Péréquation nationale. La désignation d’un organisme assureur n’aurait donc aucun impact sur les régimes de santé ? Pas si simple : « Les dépenses de santé augmentent avec l’âge et ont tendance à être plus élevées chez les cadres et à Paris, poursuit Pierre-Alain Boscher. L’intérêt de la clause de désignation réside dans la mise en place d’un système de péréquation solidaire nationale permettant de répartir le coût du risque sur l’ensemble de la population assurée, les bons risques équilibrant les moins bons. » A fortiori dans certaines branches constituées de TPE. Dans la boulangerie, la désignation d’un assureur a du sens. En revanche, dans la grande distribution, qui compte de grands groupes et plusieurs dizaines de conventions collectives, désigner un organisme assureur n’a aucun intérêt.

Autre exemple, la branche « transport routier de marchandises » où, après extension de l’accord de janvier 2013, Carcept Prev (Klesia) a été désigné pour couvrir les frais de santé des 450 000 salariés. « Il s’agit d’une branche très hétérogène, avec de grands groupes et de toutes petites entreprises, explique Franck Girardeau. Avec la mutualisation, les entreprises bénéficient d’un tarif unique, quelle que soit leur taille. » On comprend mieux l’engagement de la CGPME et de l’UPA en faveur des clauses de désignation. Mais, au-delà des considérations tarifaires, l’Union professionnelle artisanale veut aussi défendre la liberté contractuelle des branches.

C’est sur ce terrain que se place Philippe Dabat, directeur général délégué d’AG2R La Mondiale : « La clause de désignation est d’abord un débat constitutionnel qui pose la question de la prééminence du droit social sur le droit commercial. La Constitution dit bien que le droit des partenaires sociaux à négocier les rémunérations et les conditions de travail ne supporte aucune entrave. » Autrement dit : ils peuvent désigner un organisme assureur s’ils le souhaitent : « Si les partenaires sociaux veulent piloter leur régime, fixer le montant des cotisations et organiser l’action sociale, c’est la meilleure solution. Mais ils peuvent aussi décider de ne pas s’en occuper », poursuit-il. Car la clause de désignation n’a rien d’obligatoire : « Il ne s’agit en aucun cas de l’imposer », a martelé Jean-Marc Germain, rapporteur du projet de loi devant la commission mixte paritaire qui a décidé de réintroduire cette clause après sa suppression au Sénat.

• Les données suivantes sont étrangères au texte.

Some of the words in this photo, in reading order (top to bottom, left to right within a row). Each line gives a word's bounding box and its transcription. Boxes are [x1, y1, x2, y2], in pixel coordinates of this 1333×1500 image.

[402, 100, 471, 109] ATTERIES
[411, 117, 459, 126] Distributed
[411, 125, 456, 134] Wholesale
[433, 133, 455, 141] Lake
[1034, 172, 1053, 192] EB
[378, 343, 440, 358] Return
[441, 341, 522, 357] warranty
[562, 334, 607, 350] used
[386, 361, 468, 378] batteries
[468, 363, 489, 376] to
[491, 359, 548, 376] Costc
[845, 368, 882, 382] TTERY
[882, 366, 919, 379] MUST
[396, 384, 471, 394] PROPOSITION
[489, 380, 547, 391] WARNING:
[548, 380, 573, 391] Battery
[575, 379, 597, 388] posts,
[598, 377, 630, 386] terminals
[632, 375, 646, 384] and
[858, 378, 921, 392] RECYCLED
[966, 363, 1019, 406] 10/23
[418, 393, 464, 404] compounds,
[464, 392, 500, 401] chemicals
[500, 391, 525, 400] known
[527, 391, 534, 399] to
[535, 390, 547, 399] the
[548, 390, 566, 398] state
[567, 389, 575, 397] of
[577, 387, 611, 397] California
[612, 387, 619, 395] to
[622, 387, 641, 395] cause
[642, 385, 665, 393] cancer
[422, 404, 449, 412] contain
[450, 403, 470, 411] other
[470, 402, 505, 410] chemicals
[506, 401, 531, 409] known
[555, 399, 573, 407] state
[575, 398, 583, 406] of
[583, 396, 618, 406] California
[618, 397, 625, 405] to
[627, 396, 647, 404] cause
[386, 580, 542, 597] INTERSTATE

De fait, Philippe Dabat reconnaît que son impact sera limité : « On estime à environ 600 000 le nombre d’entreprises ne proposant pas de complémentaire santé. Mais elles ne seront pas toutes couvertes par un accord de branche. » Sur les 700 branches professionnelles recensées par la Direction générale du travail, pas loin de 600 ne seront pas couvertes, malgré la loi. « In fine, à peine 200 000 entreprises seront concernées par des accords de branche qui, pour 80 à 85 % d’entre eux, ne comprendront pas de clause de désignation. » Tout ça pour ça…

700

C’est le nombre de branches professionnelles recensées, dont 320 ont plus de 5 000 salariés.

62

ont déjà négocié un accord santé et 250 un accord prévoyance.

70

entreprises devraient ouvrir les négociations en vue d’un accord santé dans le cadre de la loi de sécurisation de l’emploi.

600

C’est le nombre de branches (dont 220 à 225 branches de plus de 5 000 salariés) qui resteront sans accord si la moitié de ces négociations ont abouti à un accord.

Source : Direction générale du travail.